Work required
What you return must be the full data, repeated verbatim, with no pictures in it.
Top of Records supplied
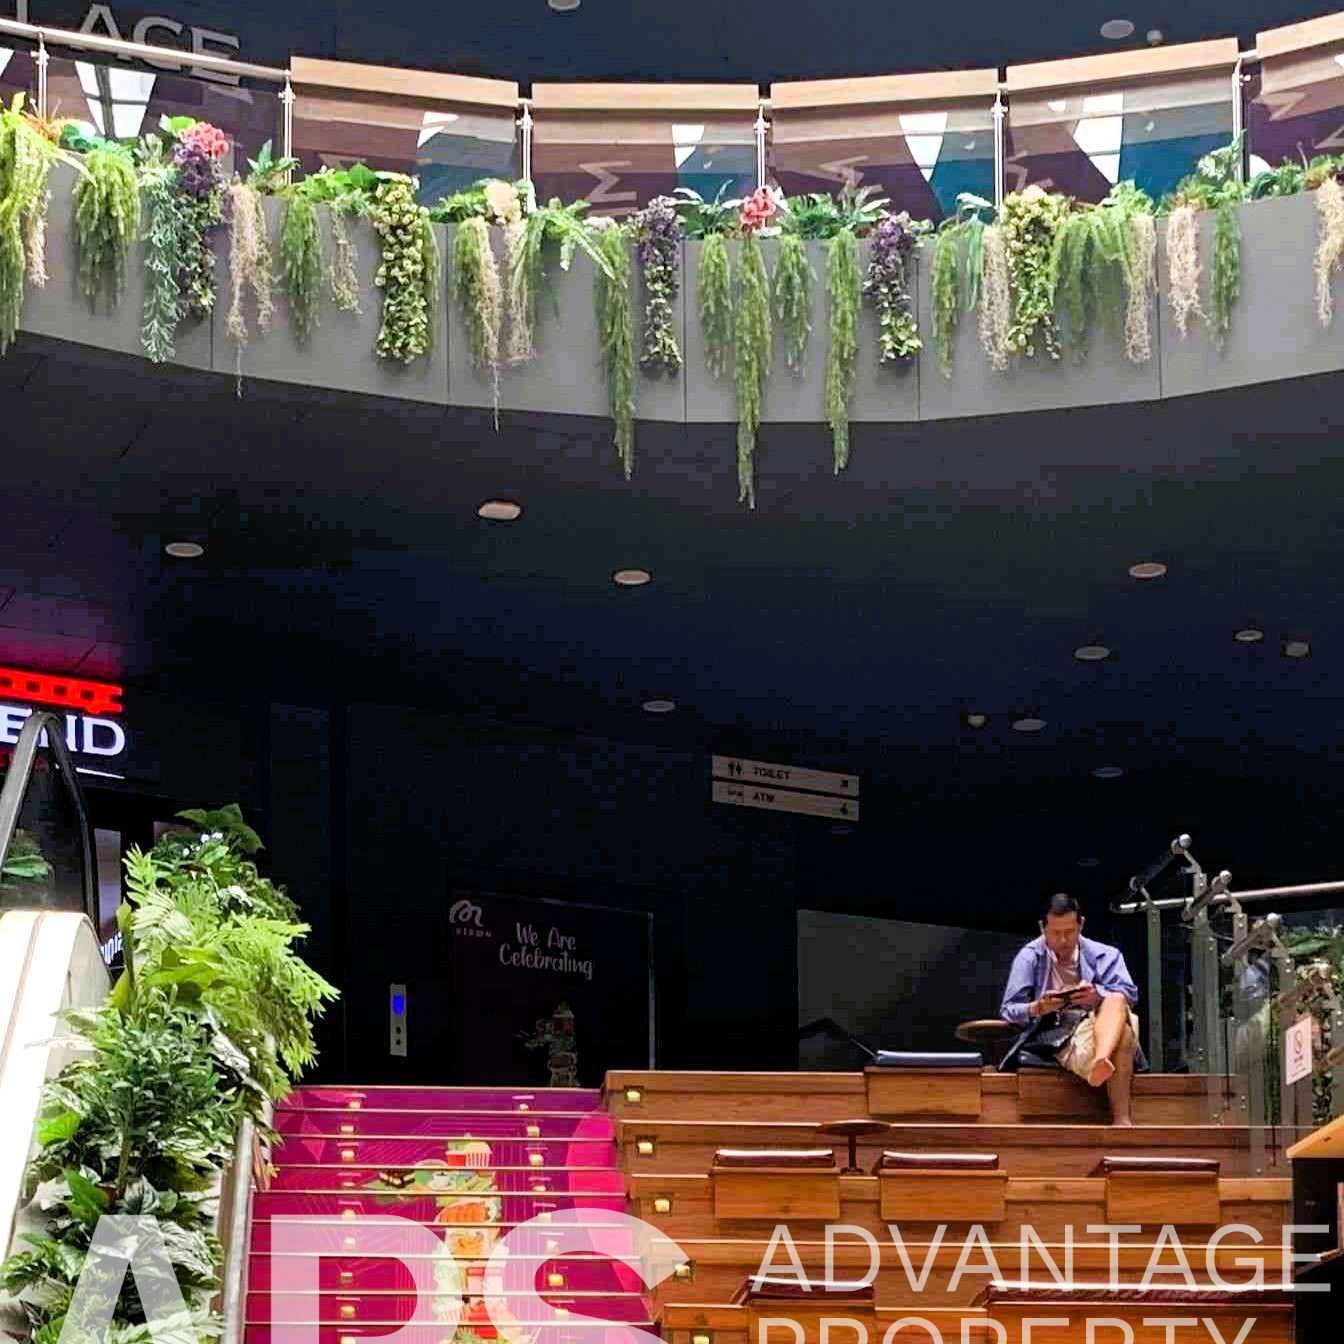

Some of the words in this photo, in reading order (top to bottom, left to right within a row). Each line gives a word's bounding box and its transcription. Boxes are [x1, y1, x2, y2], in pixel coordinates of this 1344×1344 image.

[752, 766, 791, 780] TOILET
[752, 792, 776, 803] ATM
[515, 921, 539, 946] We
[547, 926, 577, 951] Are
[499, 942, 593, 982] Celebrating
Bottom of Records supplied
Task response
Some of the words in this photo, in reading order (top to bottom, left to right within a row). Each line gives a word's bounding box and its transcription. Boxes are [x1, y1, x2, y2], in pixel coordinates of this 1344×1344 image.

[752, 766, 791, 780] TOILET
[752, 792, 776, 803] ATM
[515, 921, 539, 946] We
[547, 926, 577, 951] Are
[499, 942, 593, 982] Celebrating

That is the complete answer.